It was December – a bright frozen day in the early morning. Far out in the country here was an old Negro woman with her head tied in a red rag, coming along a path through Pinewoods. Her name was Phoenix Jackson. She was very old and small and she walked slowly in the dark pine shadows, moving a little from side to side in her steps, with the balanced heaviness and lightness of a pendulum in a grandfather clock. (Welty, 1995)

            From the very beginning of her story, and up to the moment when old Phoenix Jackson leaves the doctor’s house, Eudora Welty treats her character with unbelievable humanism and dignity, which is also characteristic of Keela, the Outcast Indian Maiden. To some extent, and the reader cannot escape this impression, Welty indirectly or unintentionally tries to reduce the negativity which other members of American society show toward Phoenix and Little Lee Roy. Welty (1995) is trying to create a different picture of African American people, which makes racism and racial inequality even more painful and unacceptable.

Gretlund (1997) is correct: “Welty demonstrated her ability to recognize the essential humanity of her black characters […] she also manages to convince us that black people are present and play an important part in the life of the Morgana community”. Although Welty (1995) intentionally avoids emphasizing the race to which Phoenix Jackson and Little Lee Roy belong, her desire to depict the two black characters as the common inhabitants makes the racial difference even more striking. For both Phoenix Jackson and Little Lee Roy, as well as for the rest of black community in America, race is not a matter, but a tool of choice. Race limits African Americans in their striving to be equal to the members of the white population. Race deprives them of the freedom of choice, but this lack of free choice and their desire to prove their right for recognition makes them look even more humane against the rest of the white majority.

            Welty (1995) depicts race as the mask under which African Americans have to hide their true identities. More than that, the race is depicted as the mask which the white community takes for granted and which serves the line of separation between the two races. This mask and the fact that white population does not want to look deeper into the human essence of African Americans turn racism into an acceptable practice. “Washed its face, and it was paint all over it made it look red. It all come off. And it could talk – as good as me or you. But they’s tole it not to, so it never did. They’d tole it if anybody was to come near it they was comin’ to git it – and for it to hit’em quick with that iron bar an’gowl. So nobody ever come near it” (Welty, 1995). For Little Lee Roy the red paint is the means to hide his identity; this paint also turns him into the subject of moral and physical torture. This racial disguise is echoed in A Worn Path, where Welty depicts old Phoenix’s dressing as the traditional garb of slavery; “even her shoes, which are arguably the most modern item of her attire, seem more a hindrance than a convenience” (Moberly, 2005).

In this context, both African American characters seem to follow the two similar journeys, the one being the journey to self-recognition, and the other guiding Phoenix Jackson and Little Lee Roy to the ultimate place of destination.
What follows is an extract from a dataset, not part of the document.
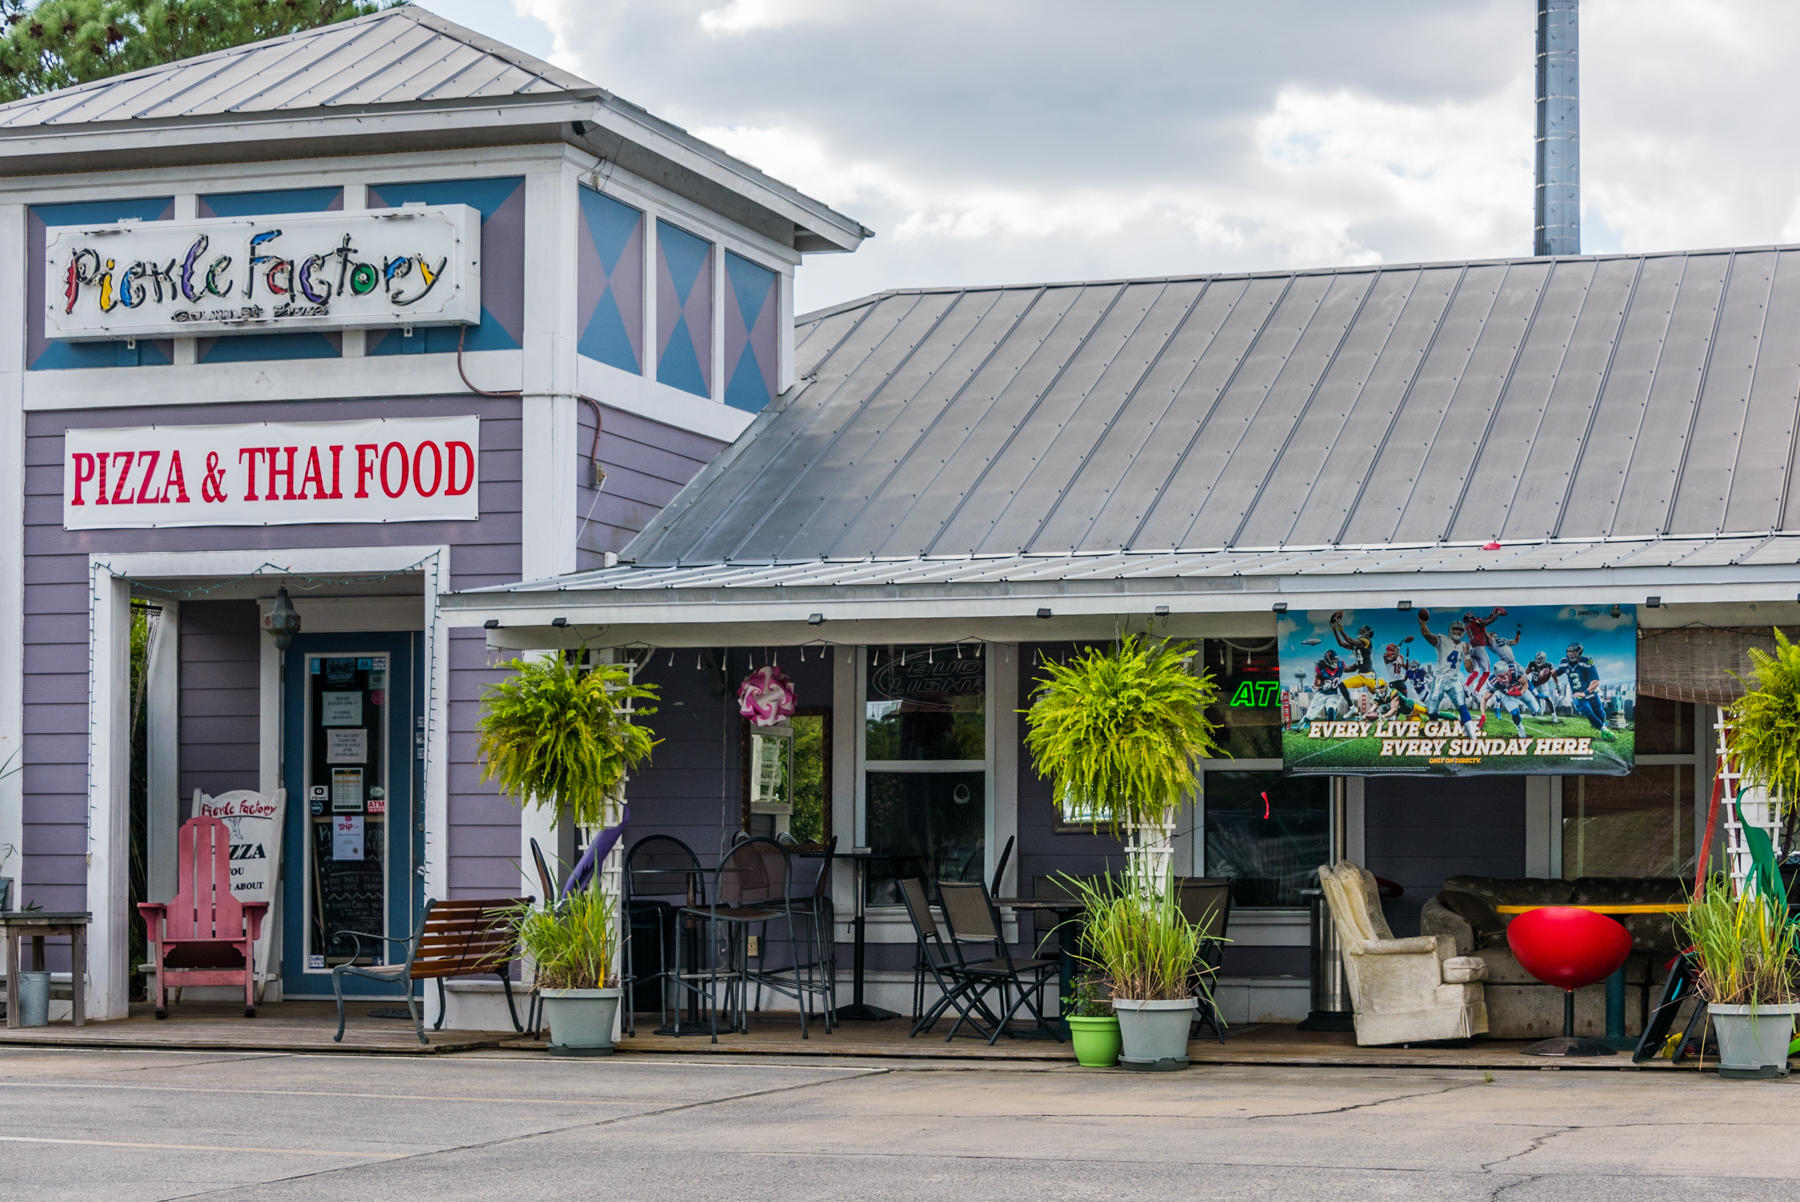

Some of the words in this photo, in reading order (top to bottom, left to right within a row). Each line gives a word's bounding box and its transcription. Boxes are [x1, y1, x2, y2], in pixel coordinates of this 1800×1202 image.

The stories prove that we are unprepared to look deeper into the essence of a human under the cover of racism. Such disguise and labeling is usual for all races, but in case of African Americans, this labeling is combined with discrimination, which often borders on true abuse. It appears that race can readily provide white community with the right to kidnap, humiliate, and use black people for their not always moral purposes; as a result, “Black people appear absolutely unable to oppose to this discrimination and to withstand these unjustified pressures” (Weatherby, Sullivan & Core, 2004).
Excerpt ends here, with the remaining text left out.